Once again, I feel I am departing from traditional literacies and chasing after ways to engage students in alternative instruction. I wanted to share a display that I created at the middle school I work at, which began as a display encouraging the students to visit the North Carolina Museum of Art to see their new Vermeer exhibit. However, as I was searching for some recent articles on Vermeer to add to our book and flier display, I kept coming across one article from the end of October about a new Banksy installation called Girl with a Pierced Eardrum.
The eponymous “pearl” has been replaced with an ADT alarm box, bringing humor to what I found to be a really stunning piece. I’ve added the original on for reference…
As this image came up again and again, I wondered what other interpretations of Vermeer’s Girl with a Pearl Earring existed out there on the internet. I was not disappointed…
I found six that I really liked and showed them to the librarian. We decided that these reinterpretations might be a fun addition to our display, so we mounted them, added a sign that asked students to guess the materials used to create them and put the answers on the back. I get very excited when I see students, teachers and parents loitering around the display turning the pictures over. I also think that there is value in bringing classical artistic expression down off its pedestal and making it accessible for students to engage with.

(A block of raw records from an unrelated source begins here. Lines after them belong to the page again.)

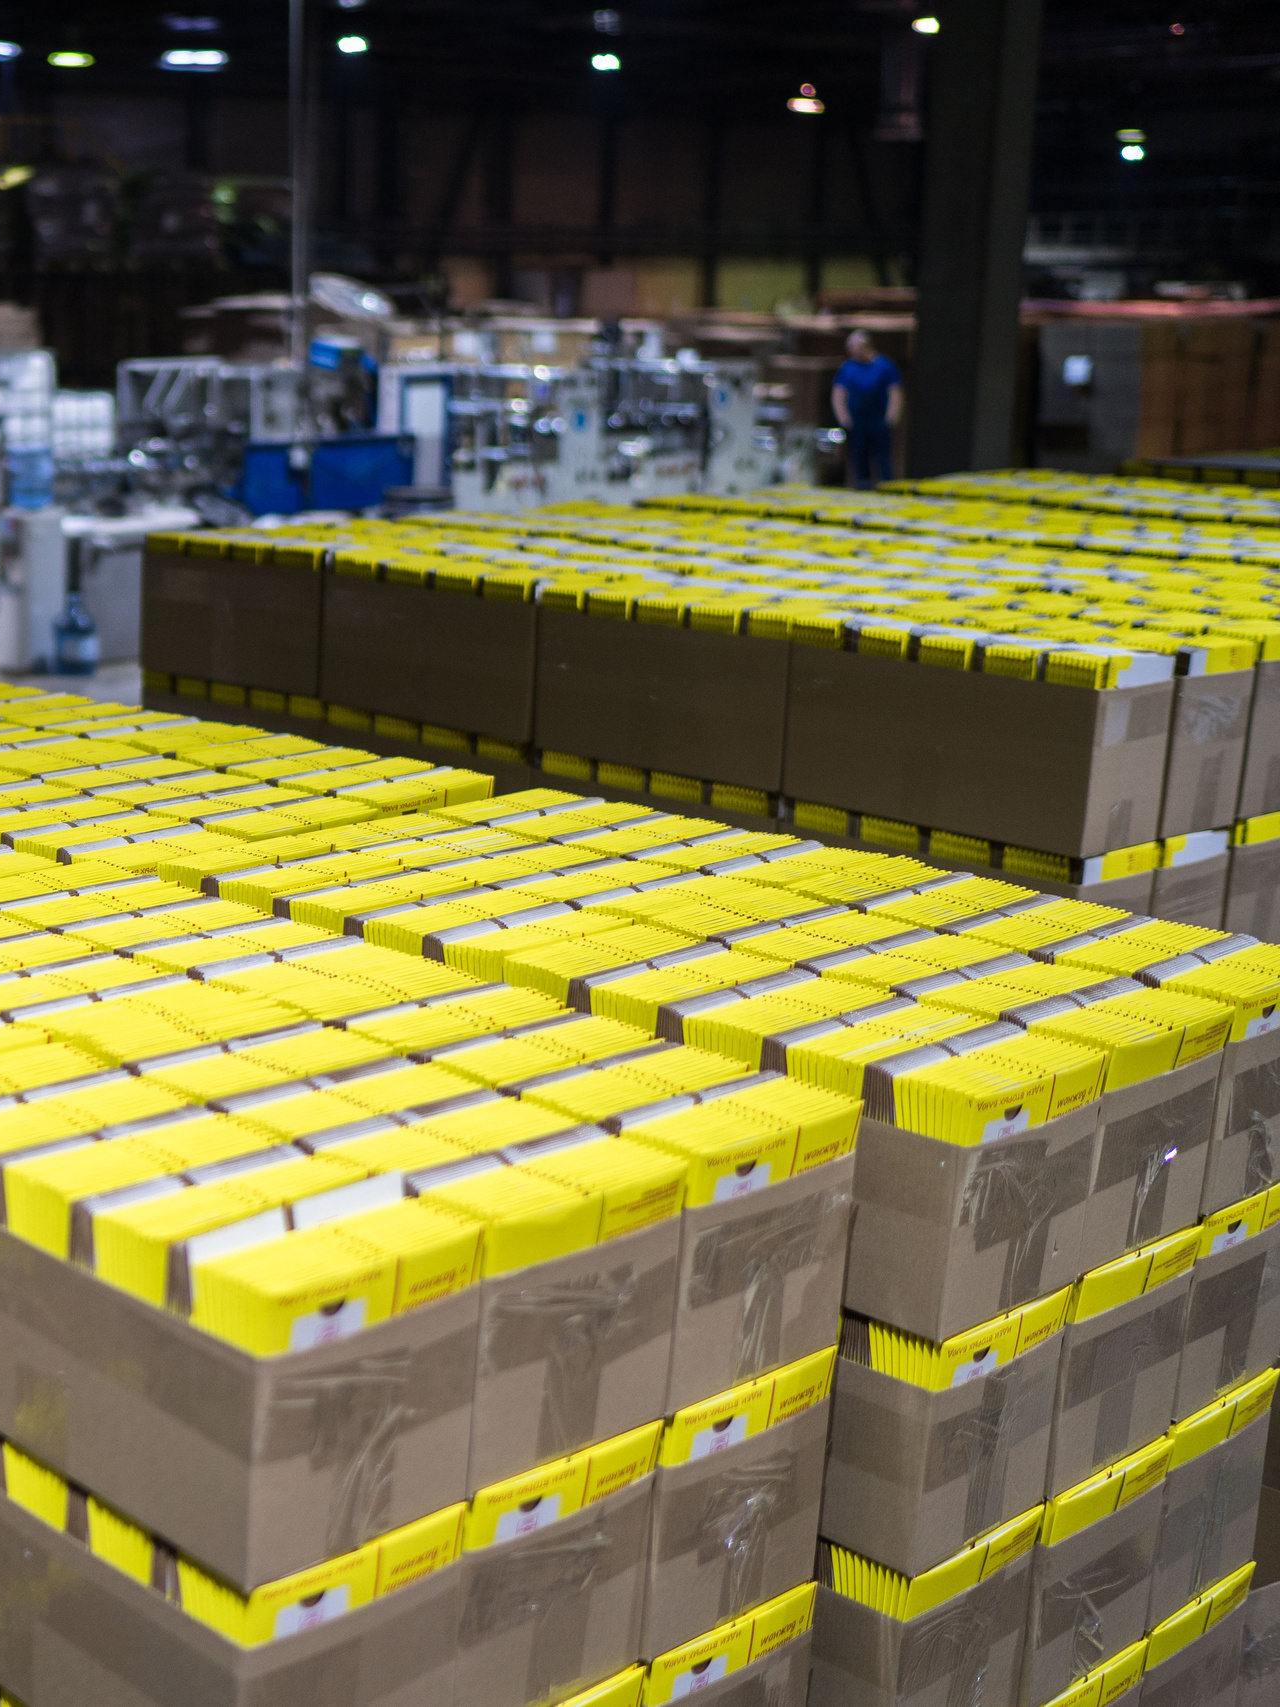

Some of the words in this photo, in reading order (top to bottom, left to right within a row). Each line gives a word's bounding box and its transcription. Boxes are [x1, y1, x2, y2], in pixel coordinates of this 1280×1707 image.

[400, 800, 421, 809] ВТОРЫХ
[1026, 1085, 1045, 1098] ИДЕИ
[1088, 1086, 1093, 1094] о
[1000, 1092, 1024, 1105] ВТОРЫХ
[1057, 1088, 1087, 1109] важном
[977, 1101, 998, 1111] БЛЮД
[765, 1138, 786, 1153] ИДЕИ
[842, 1138, 847, 1147] о
[734, 1144, 763, 1160] ВТОРЫХ
[803, 1140, 840, 1162] важном
[707, 1155, 731, 1167] БЛЮД
[1053, 1318, 1058, 1326] о
[994, 1326, 1012, 1339] ИДЕИ
[1024, 1322, 1052, 1344] важном
[969, 1333, 993, 1349] ВТОРЫХ
[947, 1345, 968, 1358] БЛЮД
[817, 1381, 822, 1390] о
[742, 1390, 762, 1403] ИДЕИ
[779, 1385, 815, 1410] важном
[710, 1401, 739, 1418] ВТОРЫХ
[684, 1413, 708, 1426] БЛЮД
[640, 1456, 646, 1465] о
[552, 1468, 576, 1483] ИДЕИ
[597, 1461, 637, 1487] важном
[799, 1615, 804, 1624] о
[720, 1630, 742, 1645] ИДЕИ
[761, 1620, 796, 1647] важном
[689, 1642, 718, 1659] ВТОРЫХ
[664, 1657, 687, 1670] БЛЮД
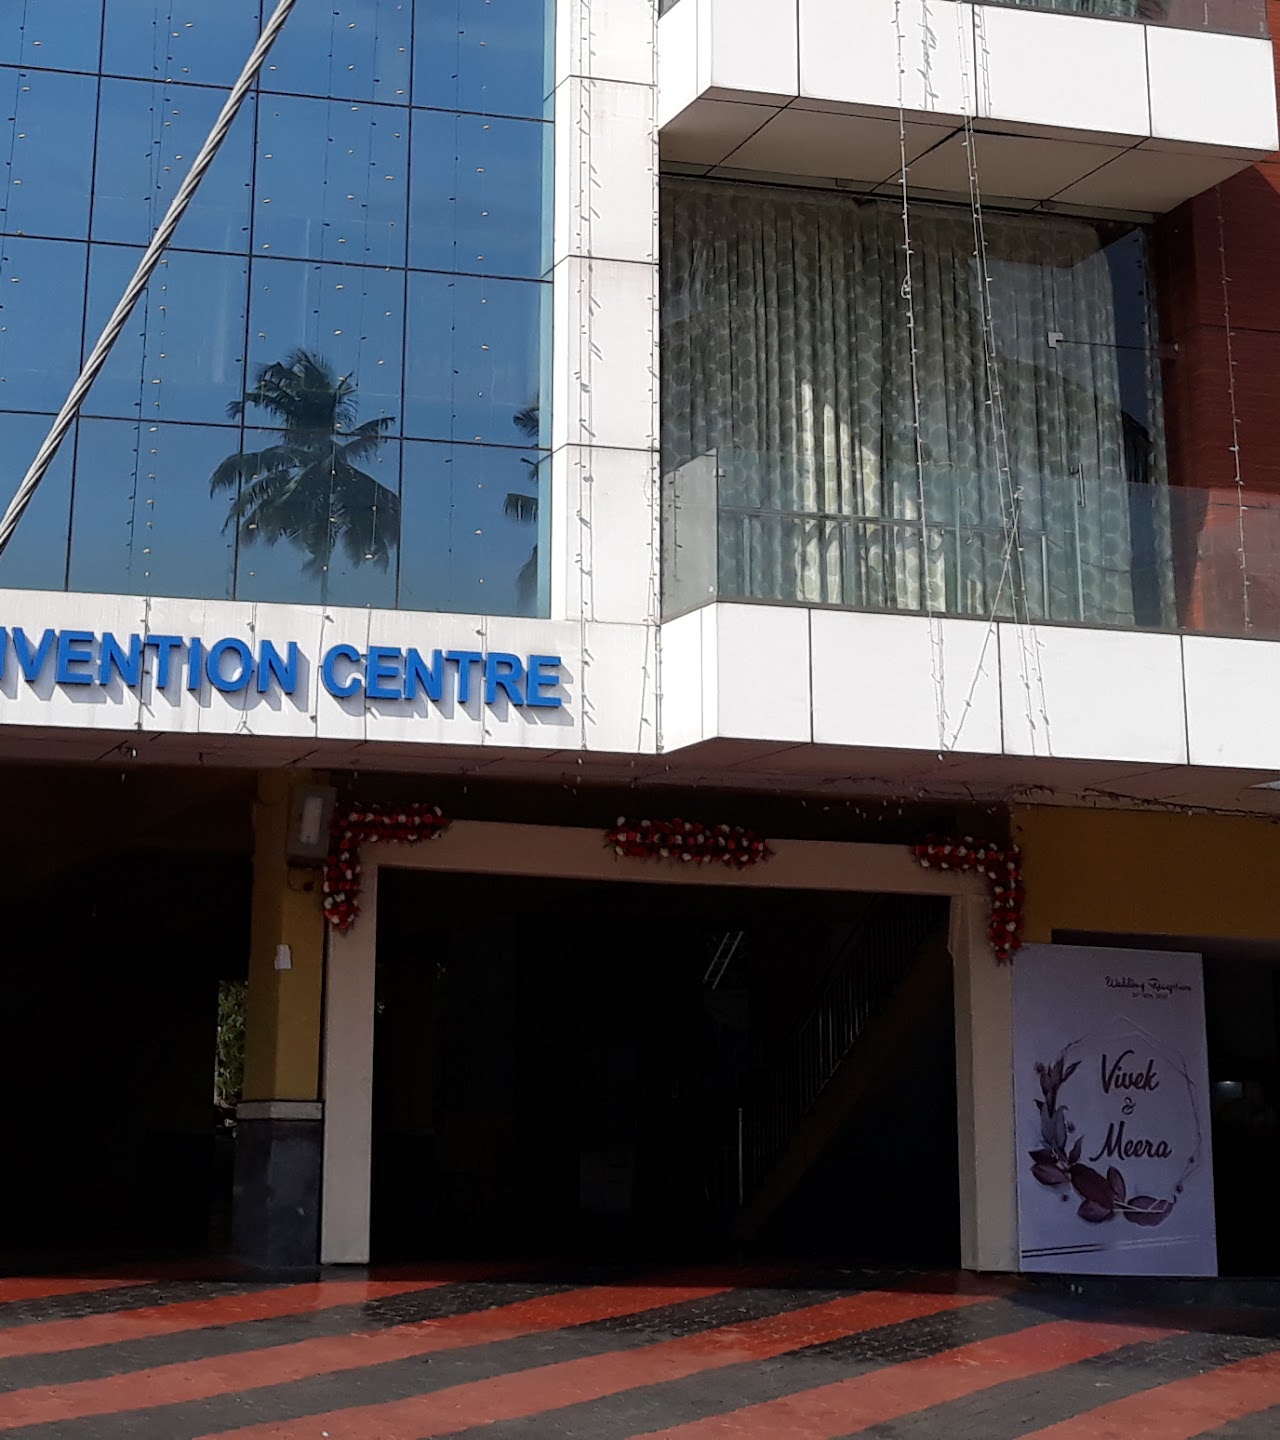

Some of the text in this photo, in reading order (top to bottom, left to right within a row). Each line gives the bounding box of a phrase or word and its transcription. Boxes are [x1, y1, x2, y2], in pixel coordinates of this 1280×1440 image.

[321, 643, 563, 709] CENTRE
[1100, 1049, 1160, 1094] Vivek
[1121, 1097, 1136, 1115] &
[1089, 1122, 1172, 1162] Meera

Accessible Visual Literacy:
Learn NC has an article and some useful resources for “Learning to look at art” (http://www.learnnc.org/lp/pages/667). Melissa Thibault, the author, advocates for giving students the opportunity to explore and find the kind of art that inspires them personally, from impressionist masters to Ansel Adams. However, I would advocate for expanding that to pieces of art not traditionally found in museums.
Keith McPherson brings the discussion of visual literacy to mental images and how to build visual literacy starting from the pictures we get in our heads when we read. He gave ideas for activities like creating travel photo journals and bringing in local examples of professionals who work with visual literacy, like graphic designers and artisans, but also reminded us of the important of allowing students to “construct meaning using a variety of response options (e.g., sculpture, drama, drawings, painting, speech) rather than always insisting their writing be “front and center” and completed first” (McPherson, 2004).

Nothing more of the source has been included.